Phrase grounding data
* * *
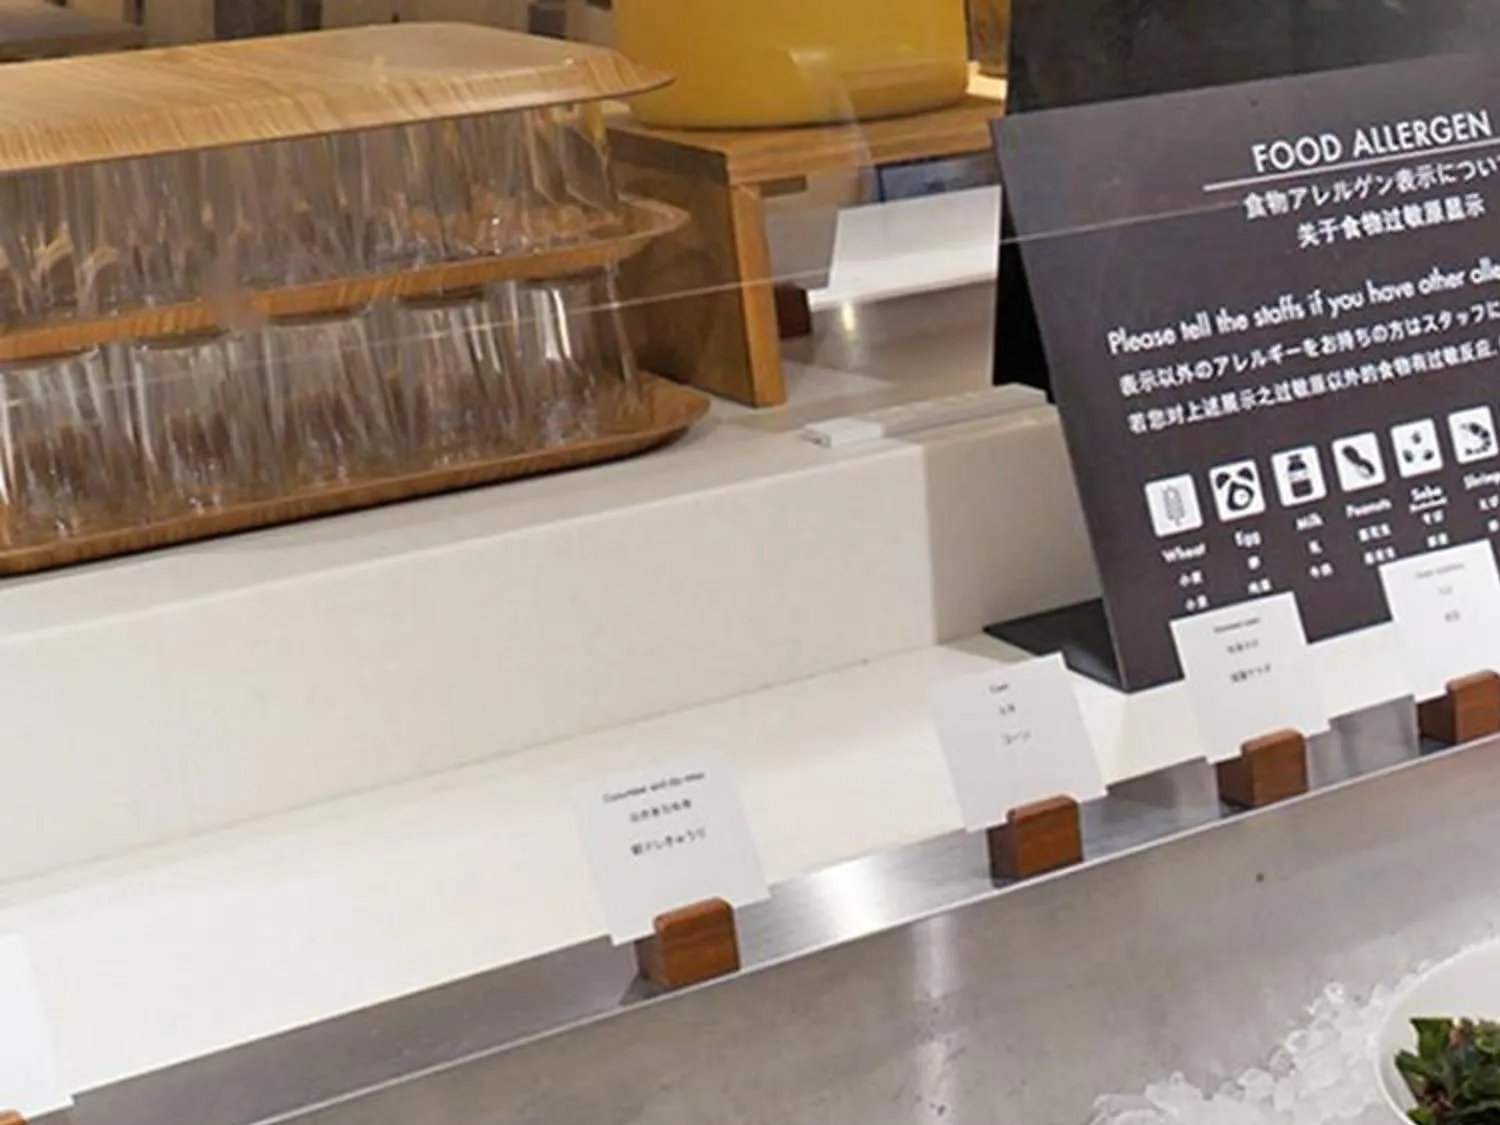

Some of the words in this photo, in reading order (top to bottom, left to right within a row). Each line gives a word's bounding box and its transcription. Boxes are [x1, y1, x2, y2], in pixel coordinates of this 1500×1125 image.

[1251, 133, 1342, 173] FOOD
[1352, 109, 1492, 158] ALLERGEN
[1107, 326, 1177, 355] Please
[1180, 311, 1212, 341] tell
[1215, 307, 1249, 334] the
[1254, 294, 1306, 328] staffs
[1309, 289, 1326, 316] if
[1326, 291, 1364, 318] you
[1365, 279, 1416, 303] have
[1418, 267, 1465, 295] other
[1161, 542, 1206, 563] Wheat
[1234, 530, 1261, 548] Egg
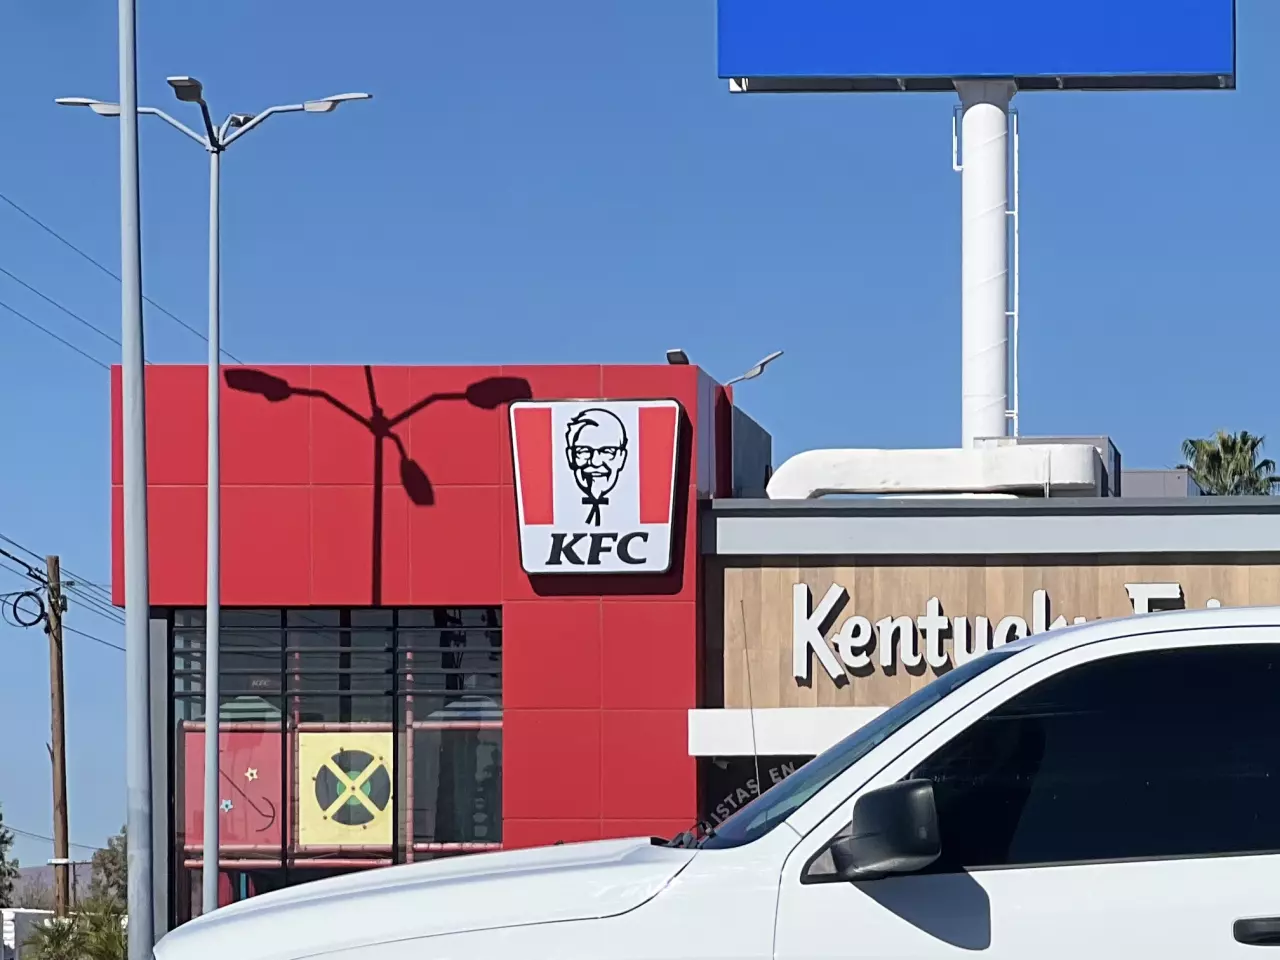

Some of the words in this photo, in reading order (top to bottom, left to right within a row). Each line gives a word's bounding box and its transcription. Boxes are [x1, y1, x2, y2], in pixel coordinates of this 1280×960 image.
* * *
» **Prompt**
Could you reproduce every record above exactly, leaving out any pictures?

» **Your response**
Some of the words in this photo, in reading order (top to bottom, left to right within a row). Each line gives a word's bounding box and its transcription. Boxes are [x1, y1, x2, y2], in pixel coordinates of this 1500×1125 image.

[1251, 133, 1342, 173] FOOD
[1352, 109, 1492, 158] ALLERGEN
[1107, 326, 1177, 355] Please
[1180, 311, 1212, 341] tell
[1215, 307, 1249, 334] the
[1254, 294, 1306, 328] staffs
[1309, 289, 1326, 316] if
[1326, 291, 1364, 318] you
[1365, 279, 1416, 303] have
[1418, 267, 1465, 295] other
[1161, 542, 1206, 563] Wheat
[1234, 530, 1261, 548] Egg

Some of the words in this photo, in reading order (top to bottom, left to right within a row). Each line gives a word's bounding box and its transcription. Boxes are [x1, y1, x2, y2], in pixel coordinates of this 1280×960 image.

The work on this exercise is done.